Start of RECORDS FOR THIS EXERCISE

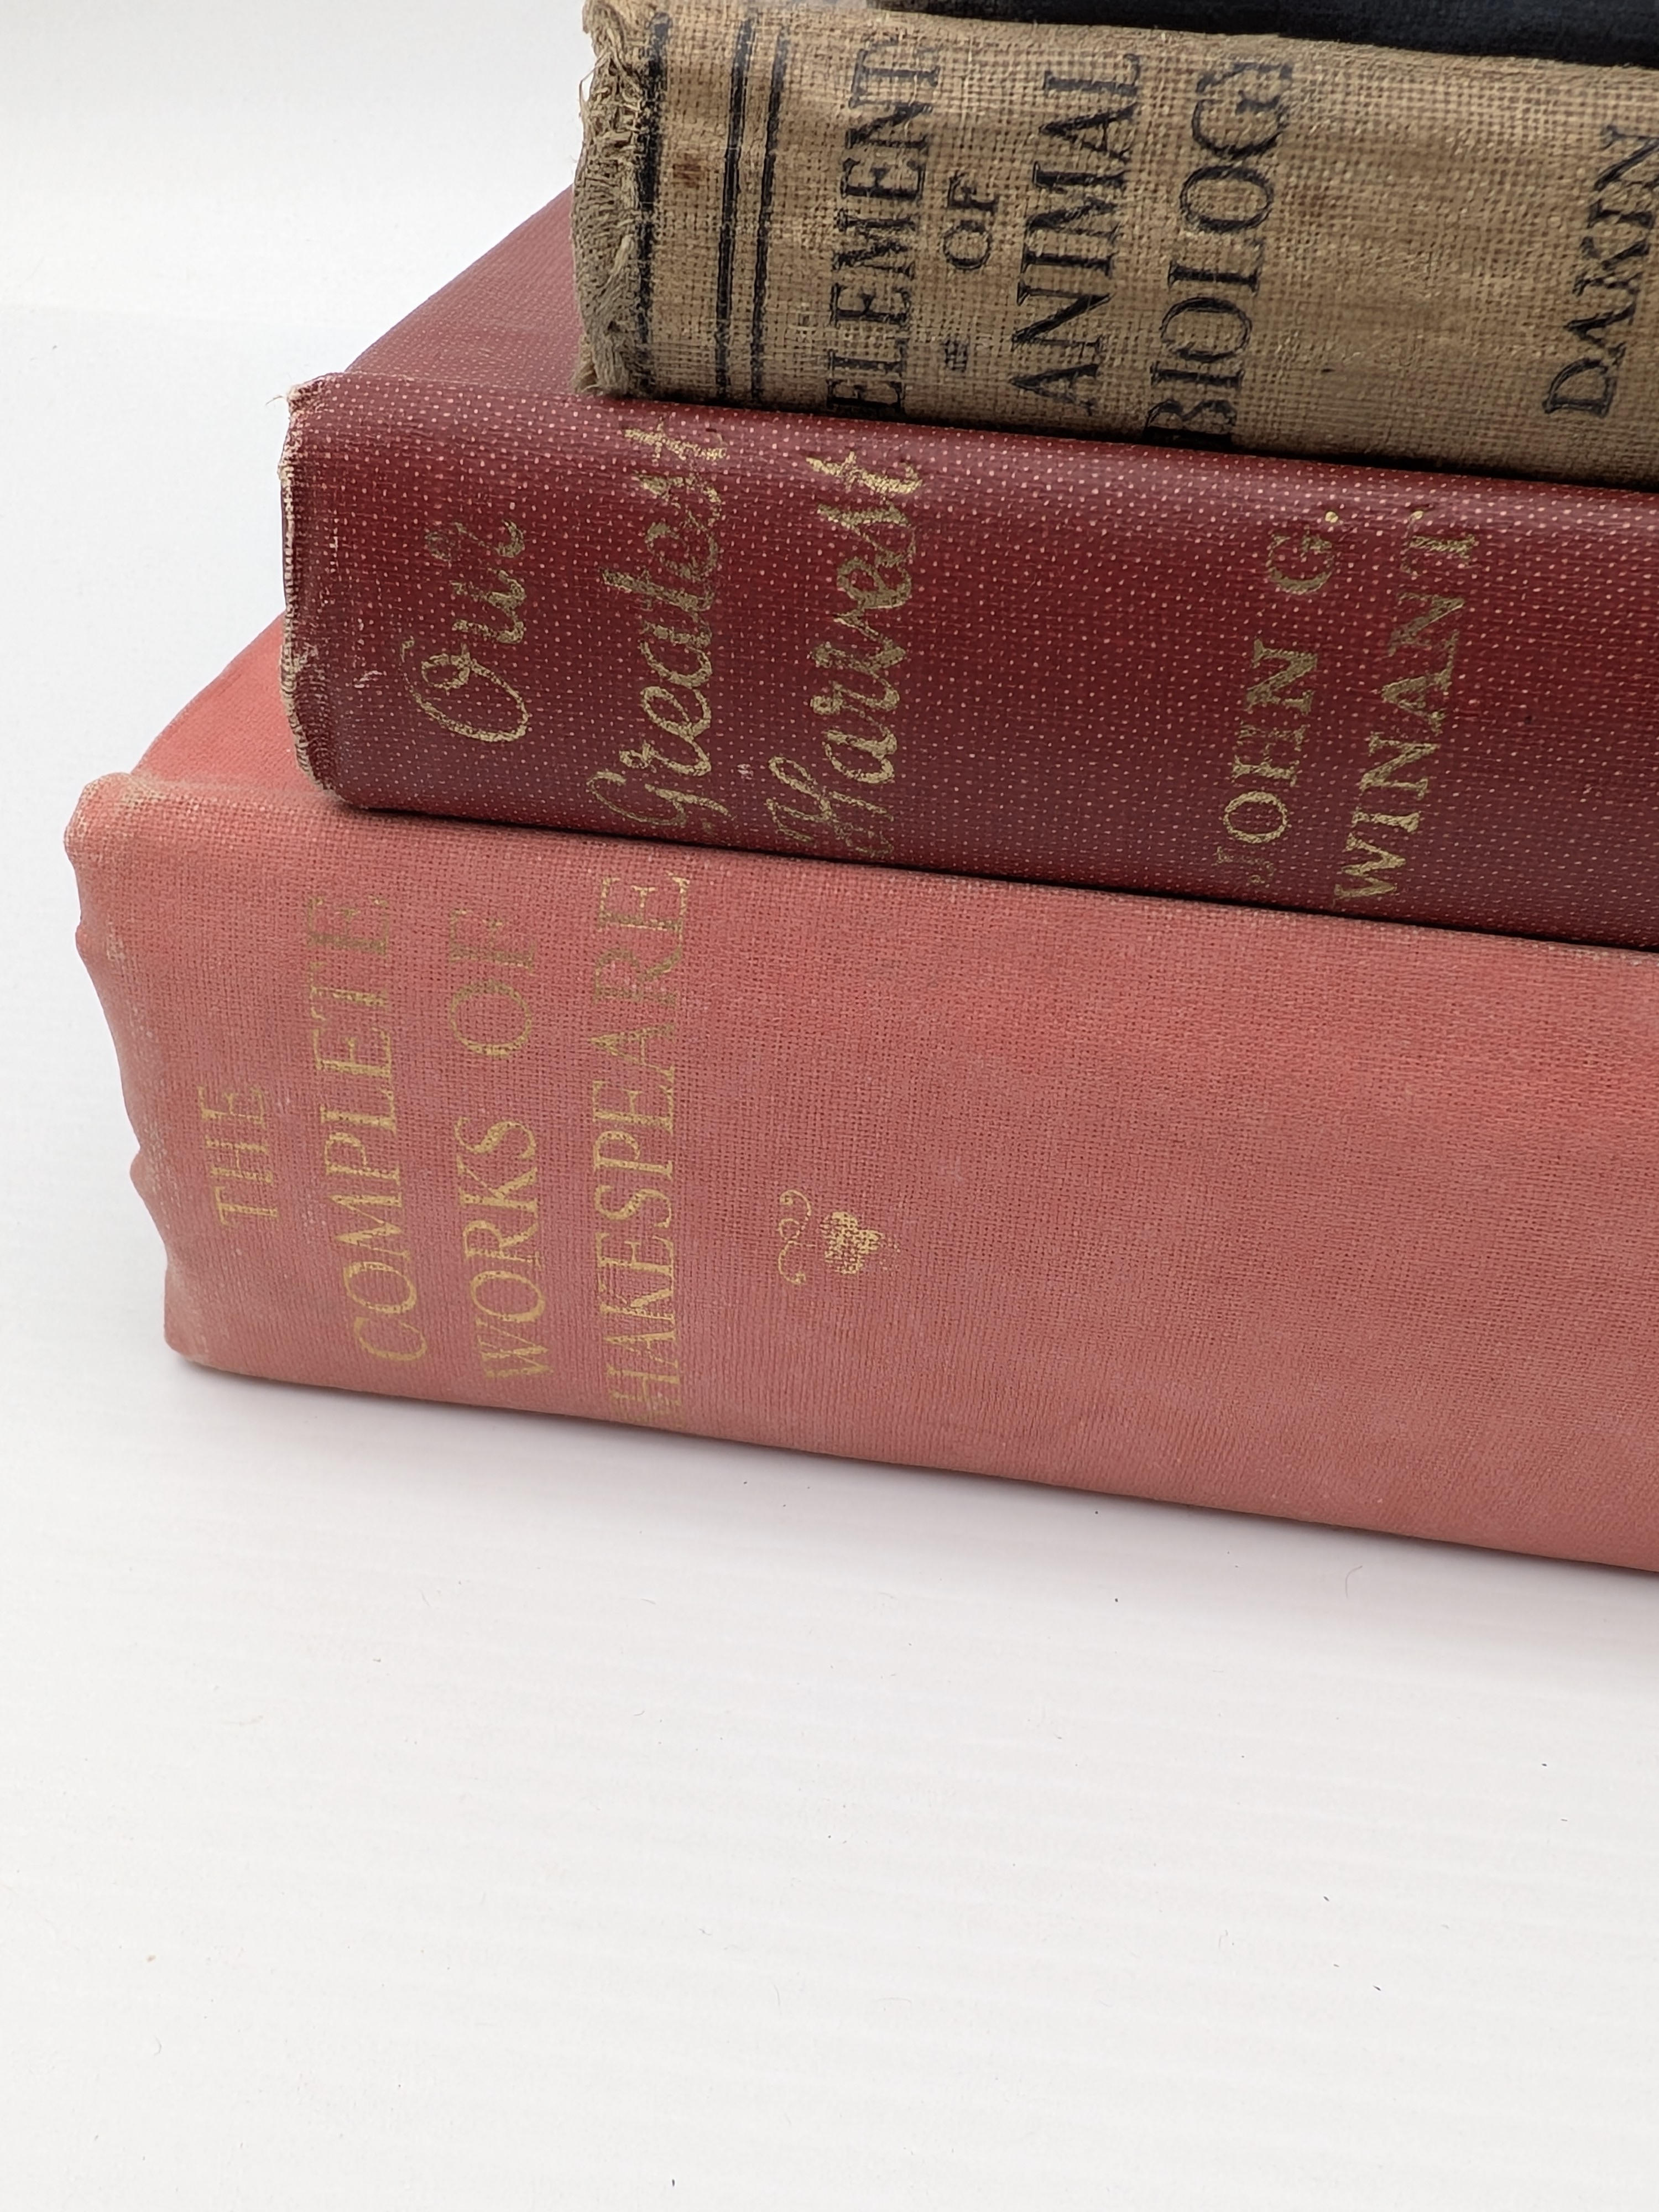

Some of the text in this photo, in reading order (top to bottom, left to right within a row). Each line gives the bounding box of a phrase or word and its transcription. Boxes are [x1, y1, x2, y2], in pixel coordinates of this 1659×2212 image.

[826, 36, 941, 414] ELEMENT
[942, 171, 999, 270] OF
[1010, 54, 1141, 414] ANIMAL
[400, 517, 530, 742] Our
[585, 412, 735, 837] Greatest
[765, 445, 922, 855] Harvest
[1266, 510, 1338, 595] G.
[1331, 509, 1478, 907] WINANT
[197, 1085, 278, 1225] THE
[307, 895, 430, 1363] COMPLETE
[447, 907, 554, 1379] WORKS OF

End of RECORDS FOR THIS EXERCISE

Write out the data above in full and exactly, but without the pictures.

FINAL ANSWER:
Some of the text in this photo, in reading order (top to bottom, left to right within a row). Each line gives the bounding box of a phrase or word and its transcription. Boxes are [x1, y1, x2, y2], in pixel coordinates of this 1659×2212 image.

[826, 36, 941, 414] ELEMENT
[942, 171, 999, 270] OF
[1010, 54, 1141, 414] ANIMAL
[400, 517, 530, 742] Our
[585, 412, 735, 837] Greatest
[765, 445, 922, 855] Harvest
[1266, 510, 1338, 595] G.
[1331, 509, 1478, 907] WINANT
[197, 1085, 278, 1225] THE
[307, 895, 430, 1363] COMPLETE
[447, 907, 554, 1379] WORKS OF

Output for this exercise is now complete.